U.S. pharma companies pay Mexicans for blood plasma amid risky conditions

The donors are lured to the US with Facebook ads and flyers promising cash rewards.

October 7, 2019 17:00
2 minute read.
Plasma bags are pictured at the Interregional Transfusion CRS in Bern

Plasma bags are pictured at the Interregional Transfusion CRS in Bern. (photo credit: DENIS BALIBOUSE/REUTERS)

Thousands of Mexicans cross the border into the United States every week on temporary visas to sell their blood plasma to profiting pharmaceutical companies, news agency ProPublica reported.

The donors are lured to the US with Facebook ads and flyers promising cash rewards. Some use the payments as their only income and can take home up to $400 a month if they donate twice a week. Multiple incentives are offered as well, including bonuses for recruiting family or friends.

Some nations forbid paid plasma donations at a high frequency due to concerns for donor health and quality control. The US allows paid donations and has comparatively loose standards for monitoring their health, according to ProPublica.

Donating plasma too often can also be harmful to a donor's immune system. Donors in the US are allowed to give plasma up to 104 times a year, which is much more often than in most other countries. In Mexico, selling plasma has been banned since 1987.

Genesis, a 21-year-old Mexican studying to be a paramedic, said that she gives plasma twice a week in El Paso, Texas. She often faints, and gets migraines and numbness in her limbs. "I have trouble lifting stuff, problems with my muscles," she said.

A temporary visa allows non-immigrants to enter the US to visit family, shop or "engage in commercial transactions, which do not involve gainful employment in the United States.”

At least 10,000 Mexicans cross the border every week to sell their blood plasma, according to estimates by ARD German TV.

The United States exports the purchased blood plasma around the world, with Europe being the main consumer. One of the main companies buying blood plasma along the US-Mexico border is CSL, an Australian-owned biotechnology company.

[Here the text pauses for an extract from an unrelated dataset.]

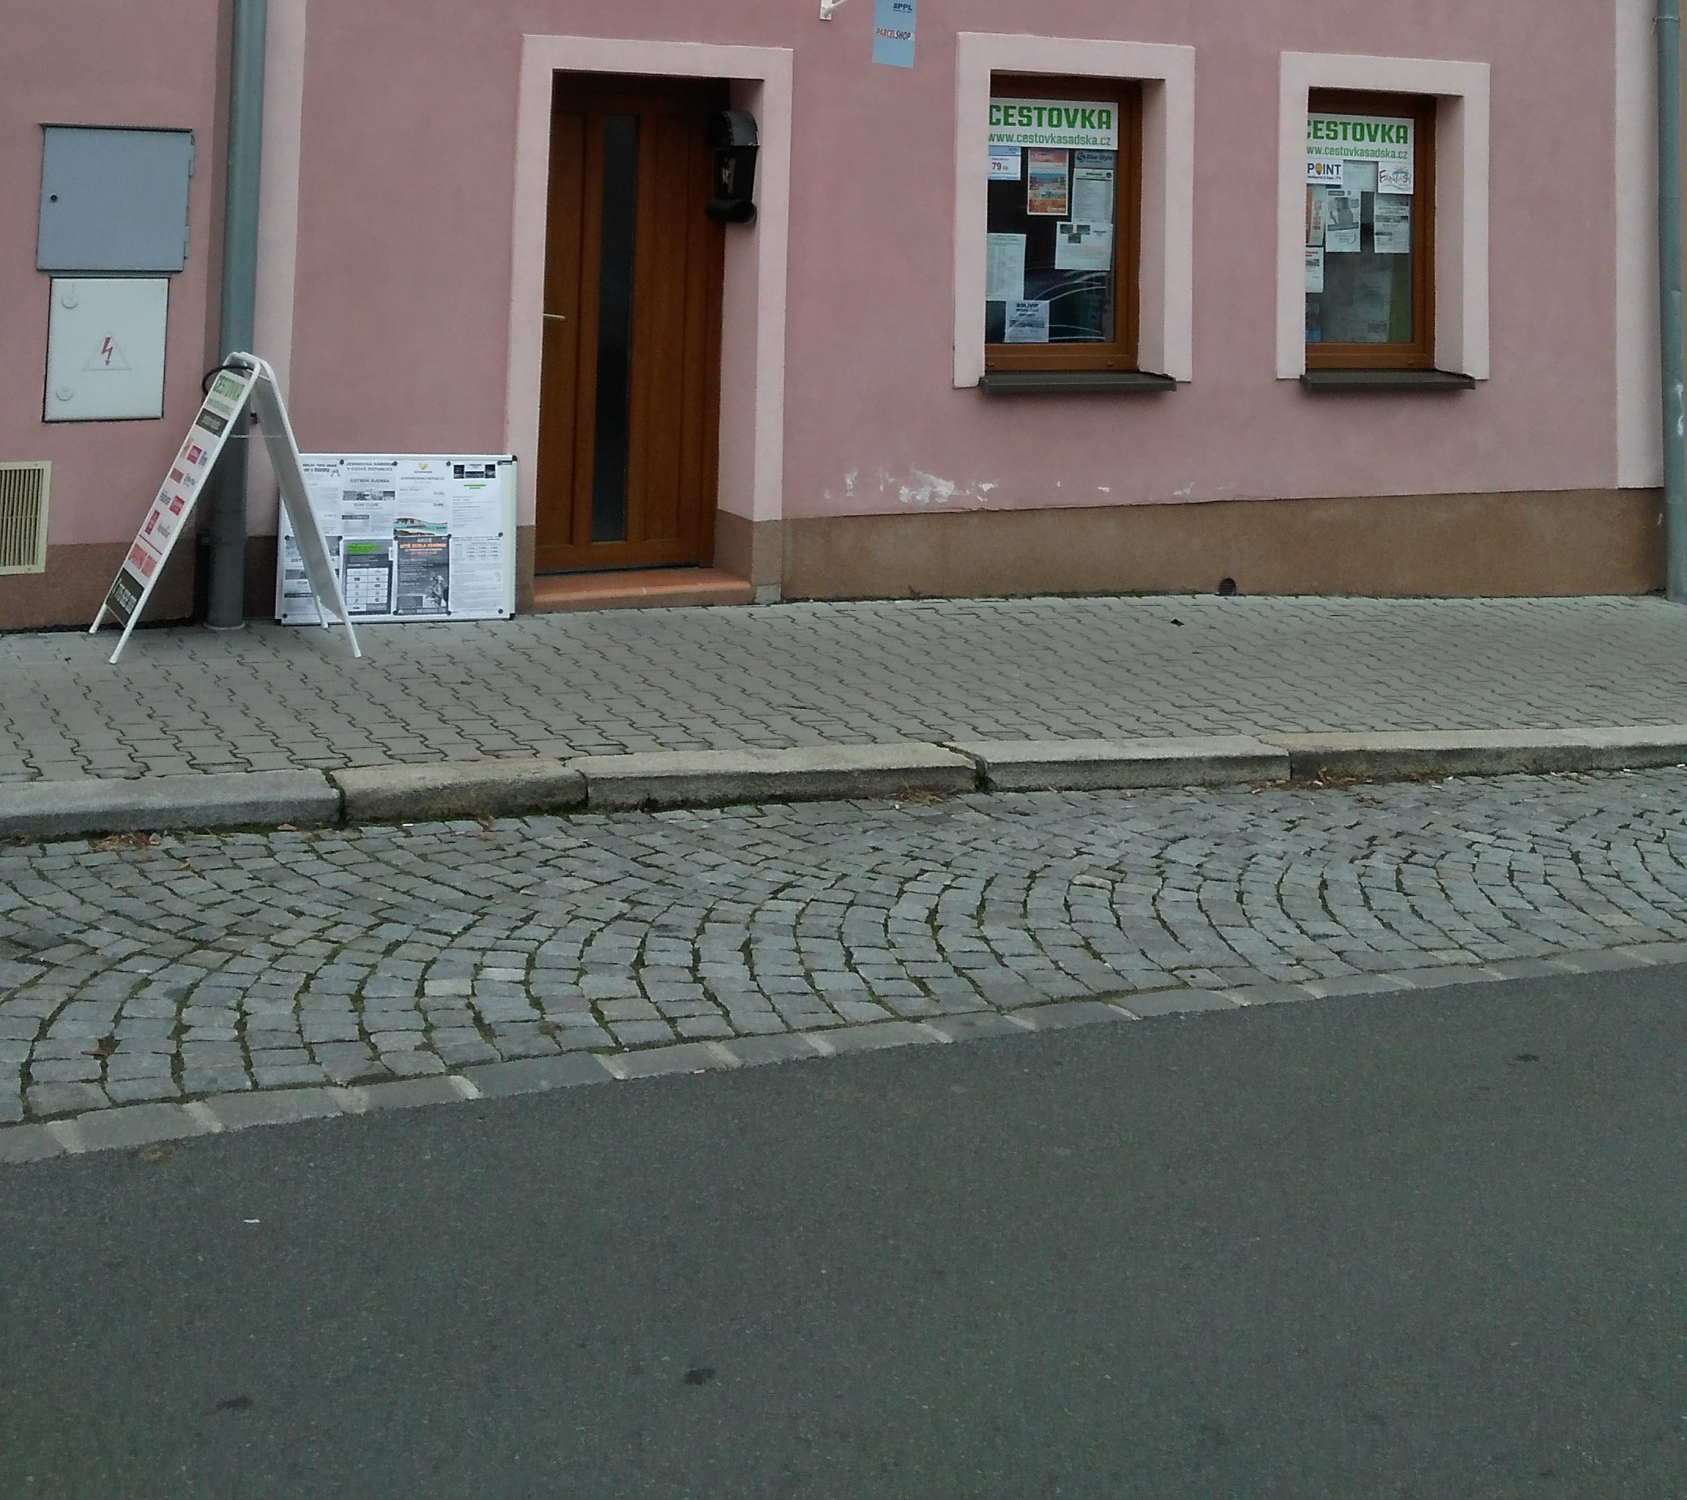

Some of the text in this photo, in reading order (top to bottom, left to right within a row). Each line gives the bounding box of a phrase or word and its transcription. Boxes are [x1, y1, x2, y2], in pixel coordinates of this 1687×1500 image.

[897, 2, 913, 11] PPL
[876, 27, 911, 41] PARCELSHOP
[989, 104, 1111, 130] CESTOVKA
[992, 162, 1002, 171] 79
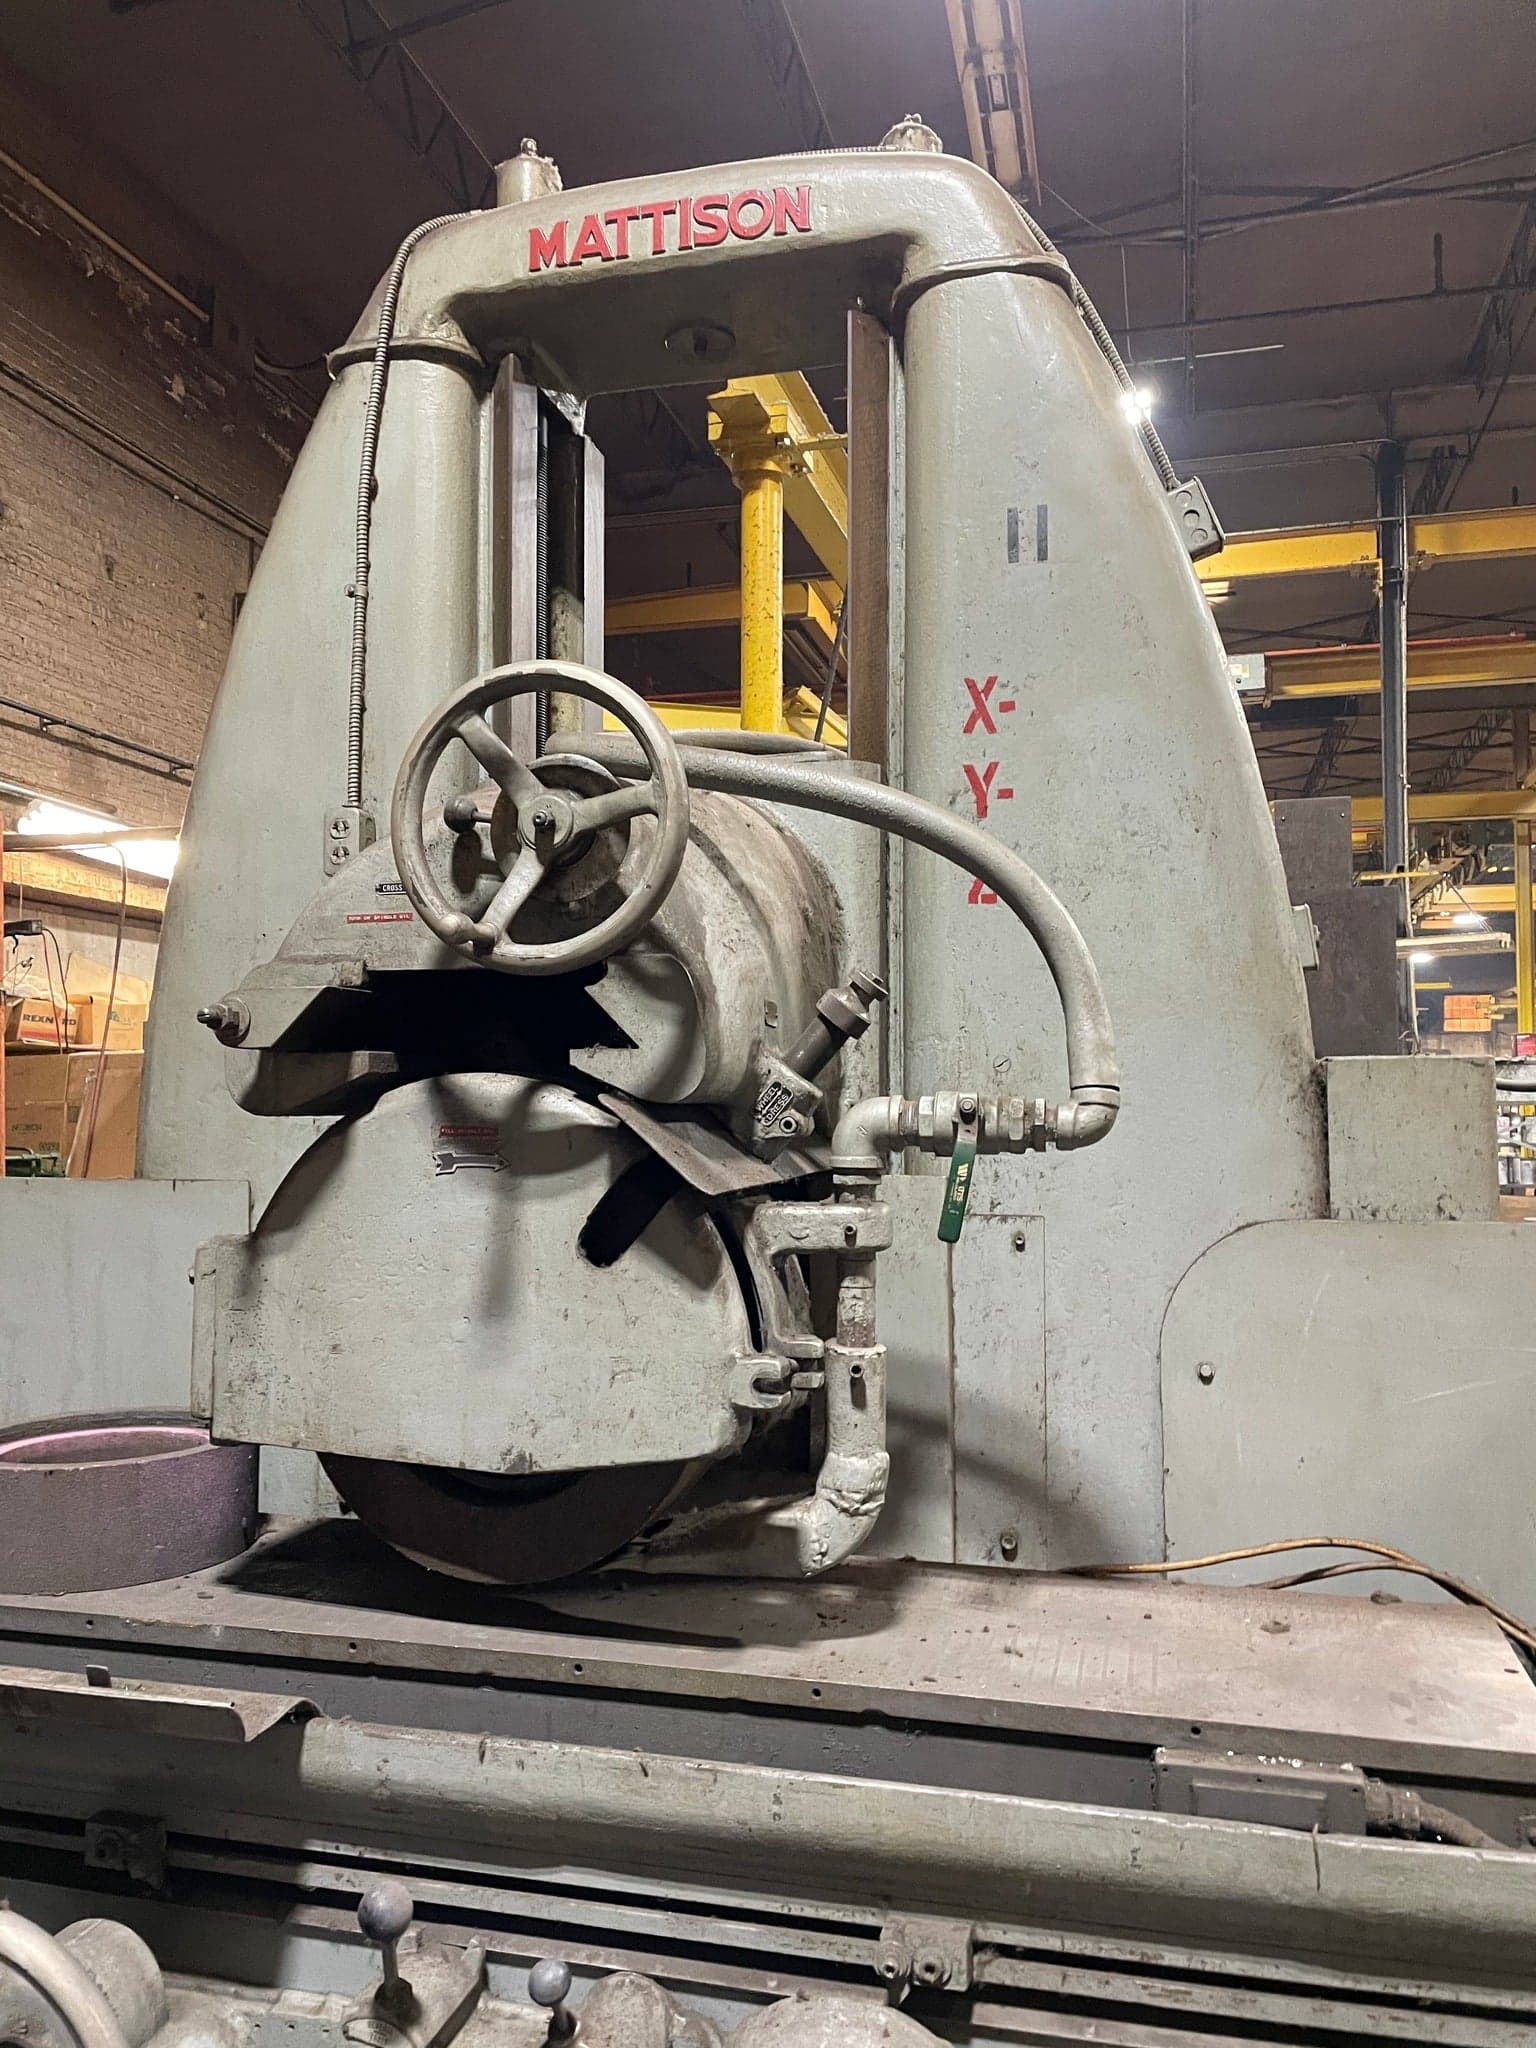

Former employees from pharmaceutical companies along the border told ARD that the companies set up there because they know that locals need the money. Those who sell to CSL can even get "reward points."

The companies claim that the payments are not wages as defined by law and are instead "compensation" for donor's time. One former employee said that the companies avoid saying that they buy the blood plasma from donors, because that would sound like a "form of prostitution."

Genesis told ARD that the staff at the donation centers "don't really pay a lot attention to the people donating... To them, I'm more like a commodity than a patient or donor."

The pharmaceutical companies say that they carefully monitor donors, according to ProPublica.

Genesis's lab results showed a dangerously low immunoglobulin G level. The loss of antibodies can damage the immune system and lead to serious infections like pneumonia. The doctor who conducted Genesis's blood tests recommended that she stop donating plasma until her body recovers, but she responded that "stopping is a luxury I cannot afford."

According to the US State Department, visa rules do not address "“the legality of this specific purpose of travel.”

The Food and Drug Administration requires companies to monitor patient health before each donation. In some CSL centers, the payment amount depends on body weight, which determines how much blood plasma can be collected.